- [Entries shown]
▶
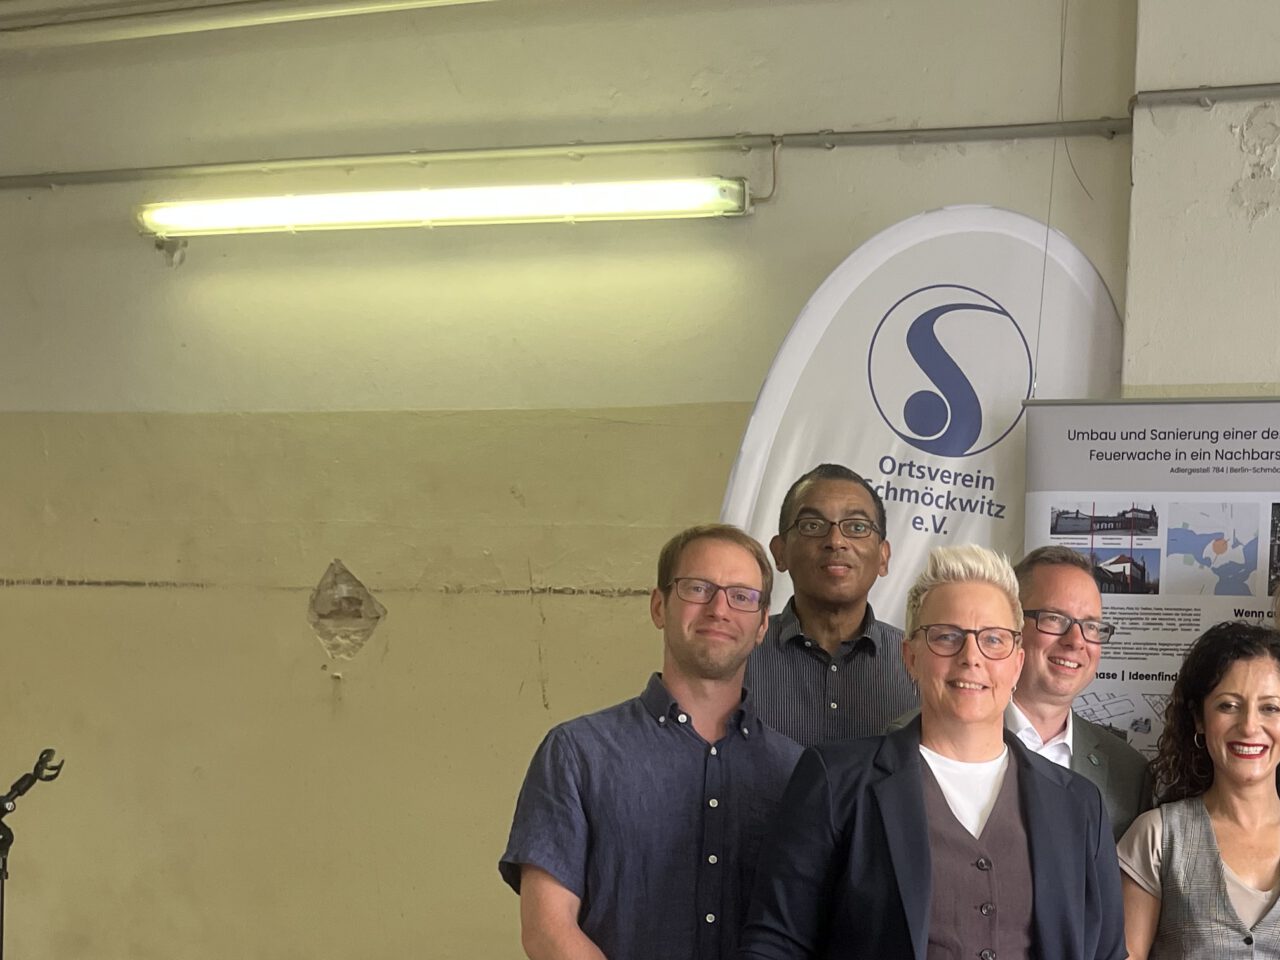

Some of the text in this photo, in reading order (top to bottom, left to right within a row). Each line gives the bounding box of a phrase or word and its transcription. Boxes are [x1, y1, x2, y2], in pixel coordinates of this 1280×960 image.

[1067, 428, 1117, 441] Umbau
[1120, 428, 1147, 441] und
[1150, 427, 1219, 444] Sanierung
[1223, 427, 1258, 440] einer
[1089, 448, 1172, 462] Feuerwache
[1175, 447, 1187, 461] in
[1190, 447, 1211, 461] ein
[878, 455, 995, 491] Ortsverein
[1212, 466, 1225, 474] 784
[911, 514, 949, 535] e.V.
[1233, 608, 1265, 618] Wenn
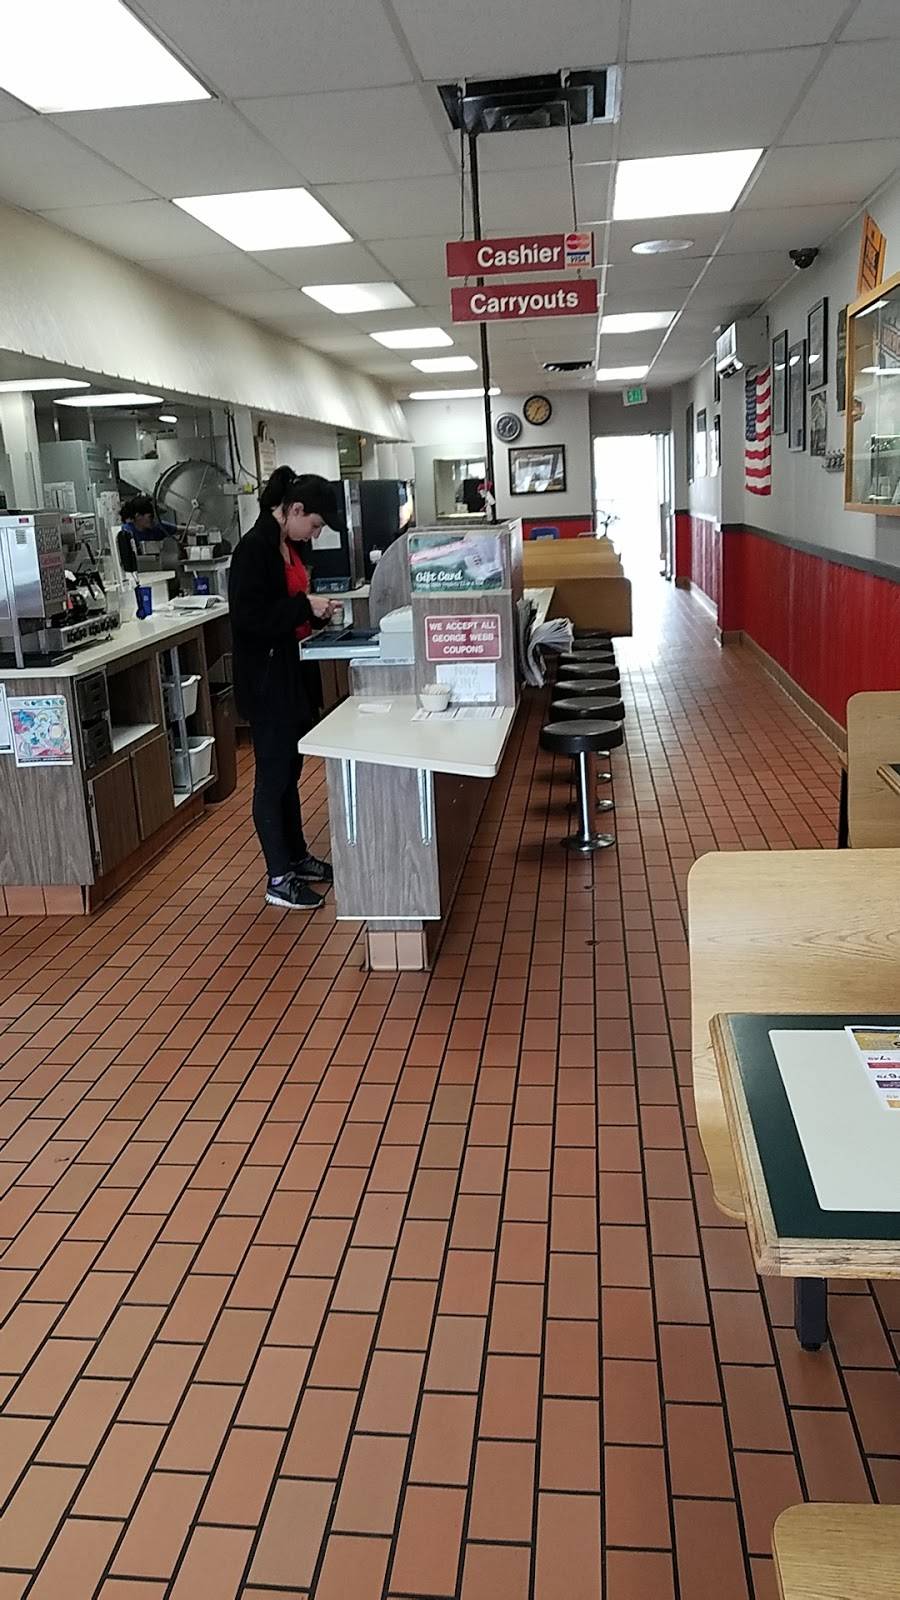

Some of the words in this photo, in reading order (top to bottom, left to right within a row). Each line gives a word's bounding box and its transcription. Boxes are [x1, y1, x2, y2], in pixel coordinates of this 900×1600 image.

[477, 243, 562, 268] Cashier
[569, 255, 587, 263] VISA
[470, 289, 578, 315] Carryouts
[415, 571, 437, 584] Gift
[437, 569, 464, 582] Card
[429, 622, 442, 631] WE
[445, 621, 478, 631] ACCEPT
[481, 621, 497, 630] ALL
[432, 633, 467, 643] GEORGE
[469, 633, 495, 642] WEBB
[443, 645, 484, 655] COUPONS
◀
- [Problem requirements] When you print the entries, keep every line exactly as it is and drop the pictures.

- [Task response]
Some of the text in this photo, in reading order (top to bottom, left to right within a row). Each line gives the bounding box of a phrase or word and its transcription. Boxes are [x1, y1, x2, y2], in pixel coordinates of this 1280×960 image.

[1067, 428, 1117, 441] Umbau
[1120, 428, 1147, 441] und
[1150, 427, 1219, 444] Sanierung
[1223, 427, 1258, 440] einer
[1089, 448, 1172, 462] Feuerwache
[1175, 447, 1187, 461] in
[1190, 447, 1211, 461] ein
[878, 455, 995, 491] Ortsverein
[1212, 466, 1225, 474] 784
[911, 514, 949, 535] e.V.
[1233, 608, 1265, 618] Wenn

Some of the words in this photo, in reading order (top to bottom, left to right within a row). Each line gives a word's bounding box and its transcription. Boxes are [x1, y1, x2, y2], in pixel coordinates of this 900×1600 image.

[477, 243, 562, 268] Cashier
[569, 255, 587, 263] VISA
[470, 289, 578, 315] Carryouts
[415, 571, 437, 584] Gift
[437, 569, 464, 582] Card
[429, 622, 442, 631] WE
[445, 621, 478, 631] ACCEPT
[481, 621, 497, 630] ALL
[432, 633, 467, 643] GEORGE
[469, 633, 495, 642] WEBB
[443, 645, 484, 655] COUPONS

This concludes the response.